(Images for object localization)
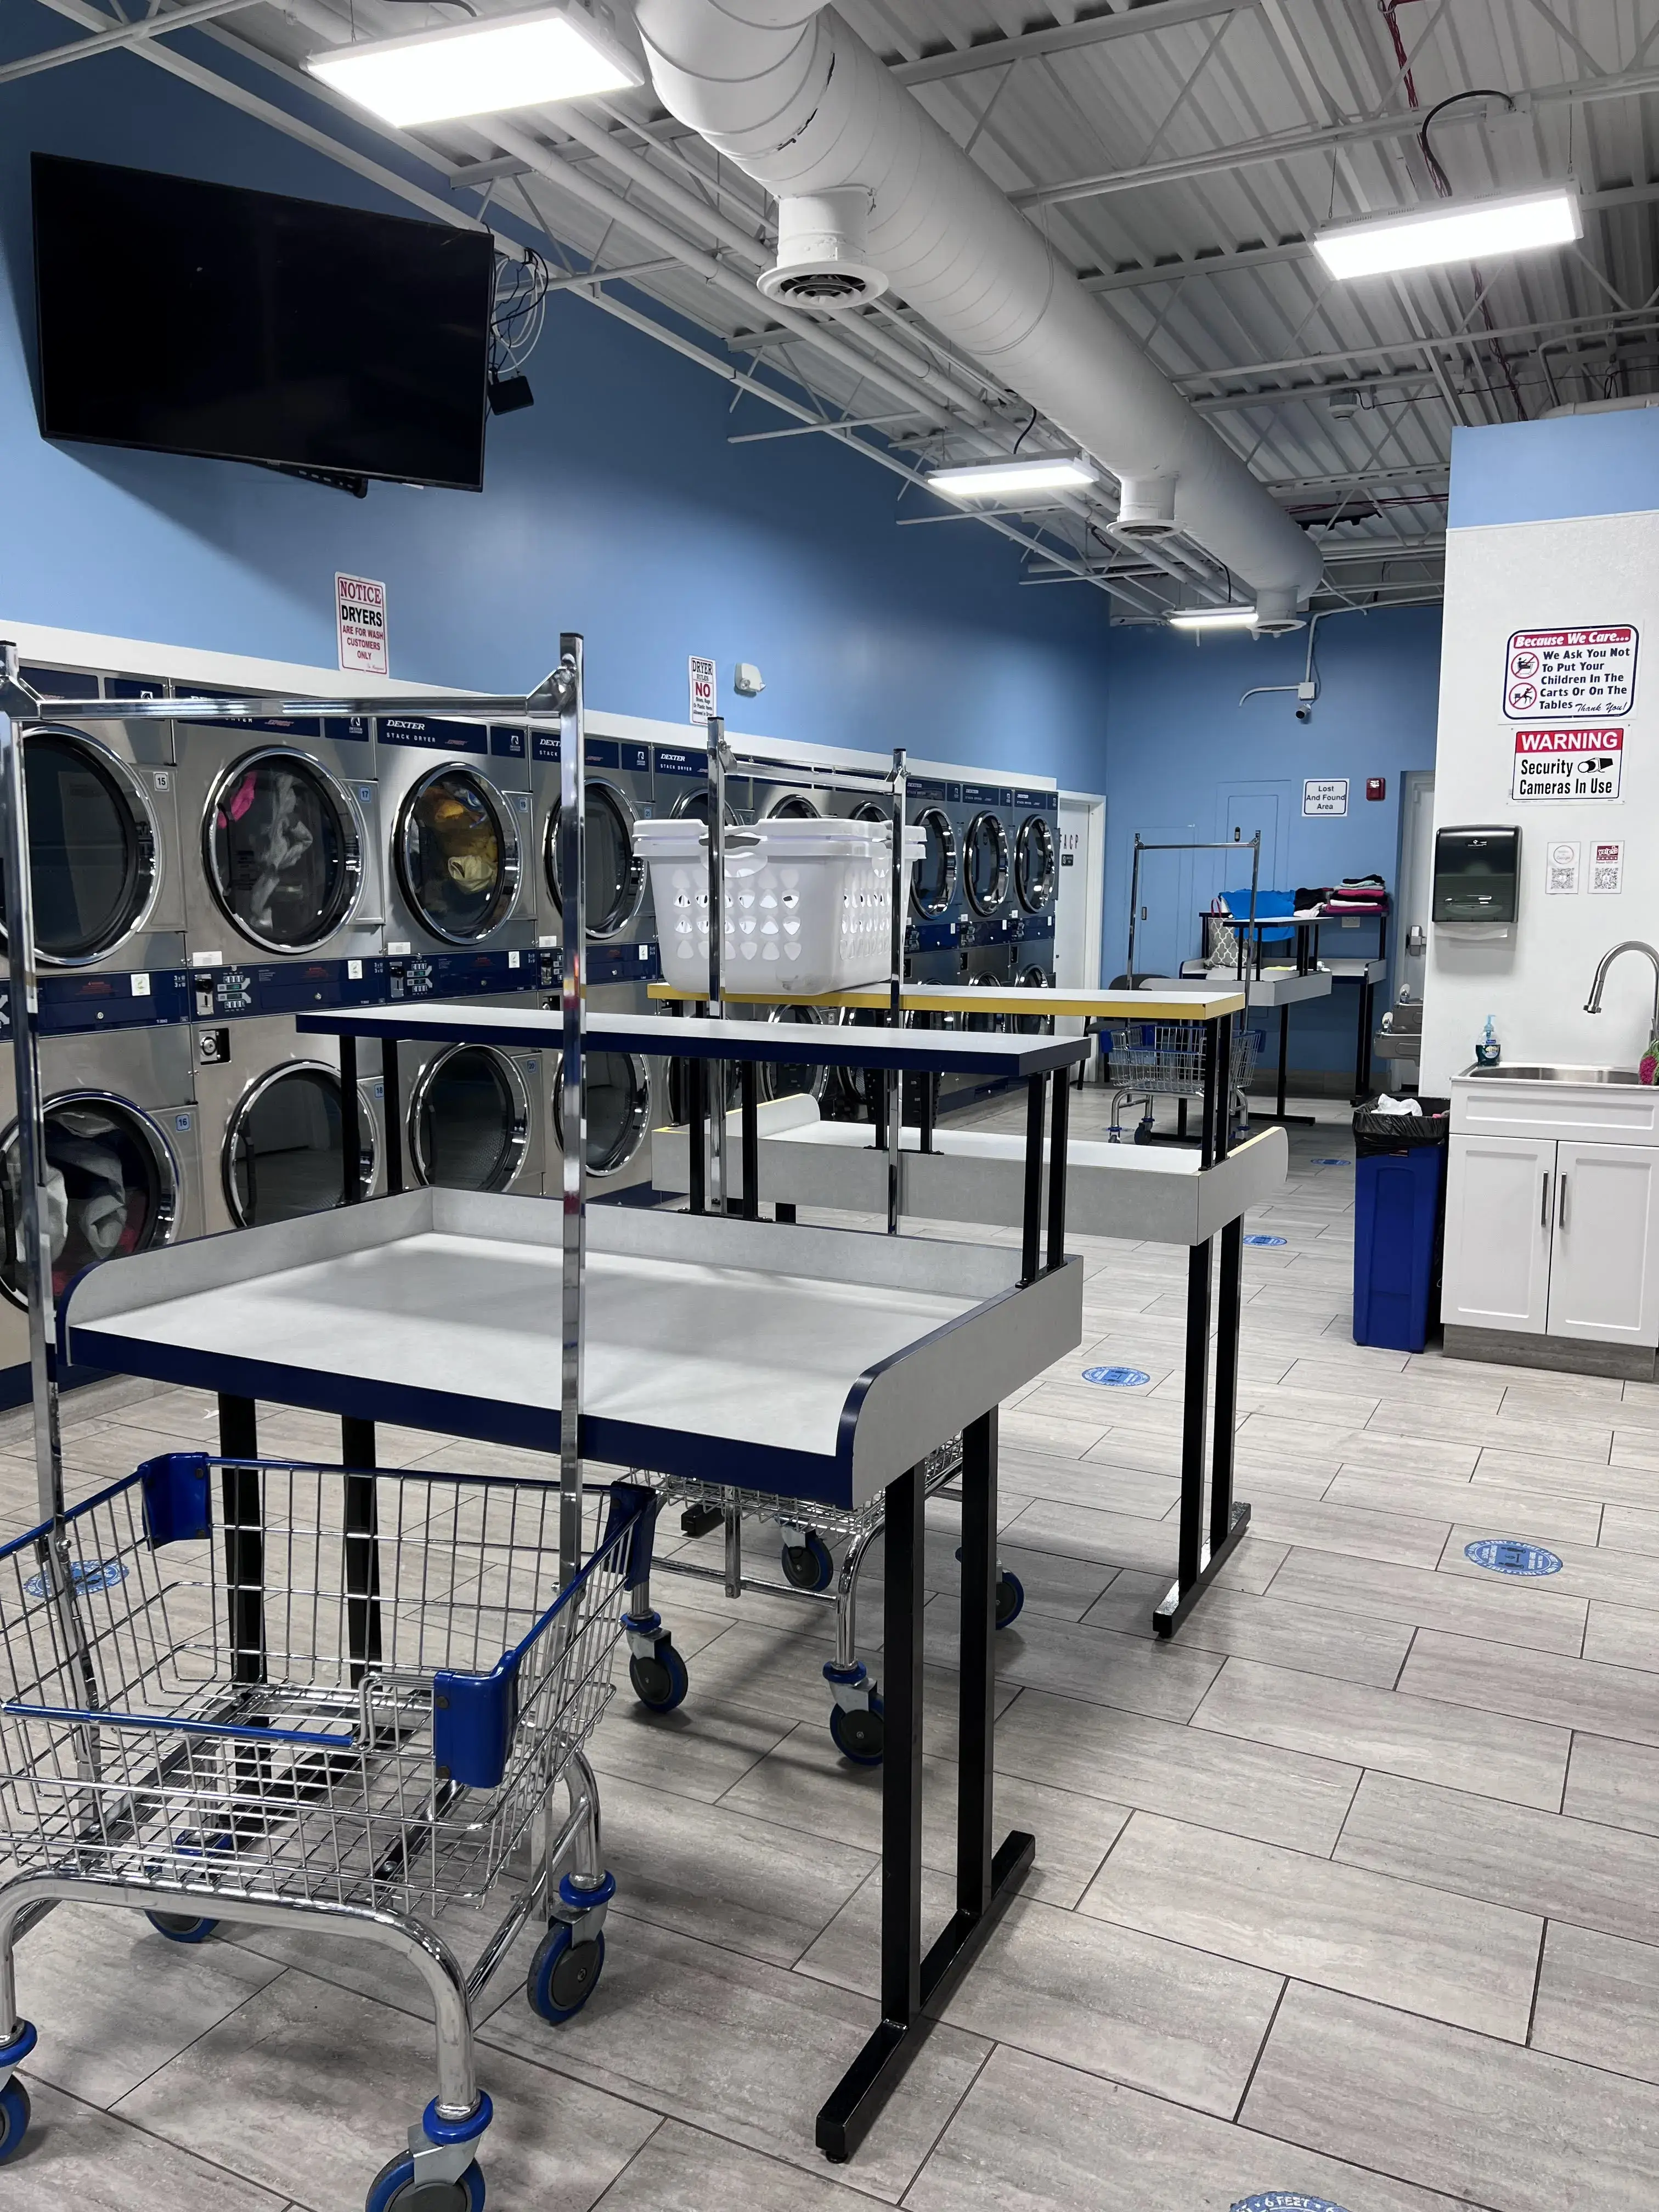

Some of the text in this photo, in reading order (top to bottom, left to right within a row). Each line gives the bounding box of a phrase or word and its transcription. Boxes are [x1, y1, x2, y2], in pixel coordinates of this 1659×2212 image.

[340, 580, 381, 604] NOTICE
[341, 605, 382, 627] DRYERS
[342, 625, 384, 640] ARE FOR WASH
[1516, 631, 1629, 647] Because We Care...
[347, 637, 380, 651] CUSTOMERS
[357, 650, 372, 660] ONLY
[1543, 648, 1630, 660] We Ask You Not
[692, 661, 712, 675] DRYER
[1542, 662, 1604, 673] To Put Your
[1541, 674, 1624, 685] Children In The
[696, 681, 710, 698] NO
[1540, 686, 1627, 697] Carts Or On The
[1539, 701, 1628, 713] Tables Thank You!
[386, 719, 425, 730] DEXTER
[540, 738, 561, 747] DEXT
[1521, 731, 1618, 751] WARNING
[661, 753, 685, 761] DEXTER
[1521, 759, 1573, 777] Security
[1520, 778, 1612, 795] Cameras In Use
[1265, 2197, 1310, 2208] 6 FEET

# Work instruction
Return the data exactly as it stands, minus the pictures.

# Your solution
Some of the text in this photo, in reading order (top to bottom, left to right within a row). Each line gives the bounding box of a phrase or word and its transcription. Boxes are [x1, y1, x2, y2], in pixel coordinates of this 1659×2212 image.

[340, 580, 381, 604] NOTICE
[341, 605, 382, 627] DRYERS
[342, 625, 384, 640] ARE FOR WASH
[1516, 631, 1629, 647] Because We Care...
[347, 637, 380, 651] CUSTOMERS
[357, 650, 372, 660] ONLY
[1543, 648, 1630, 660] We Ask You Not
[692, 661, 712, 675] DRYER
[1542, 662, 1604, 673] To Put Your
[1541, 674, 1624, 685] Children In The
[696, 681, 710, 698] NO
[1540, 686, 1627, 697] Carts Or On The
[1539, 701, 1628, 713] Tables Thank You!
[386, 719, 425, 730] DEXTER
[540, 738, 561, 747] DEXT
[1521, 731, 1618, 751] WARNING
[661, 753, 685, 761] DEXTER
[1521, 759, 1573, 777] Security
[1520, 778, 1612, 795] Cameras In Use
[1265, 2197, 1310, 2208] 6 FEET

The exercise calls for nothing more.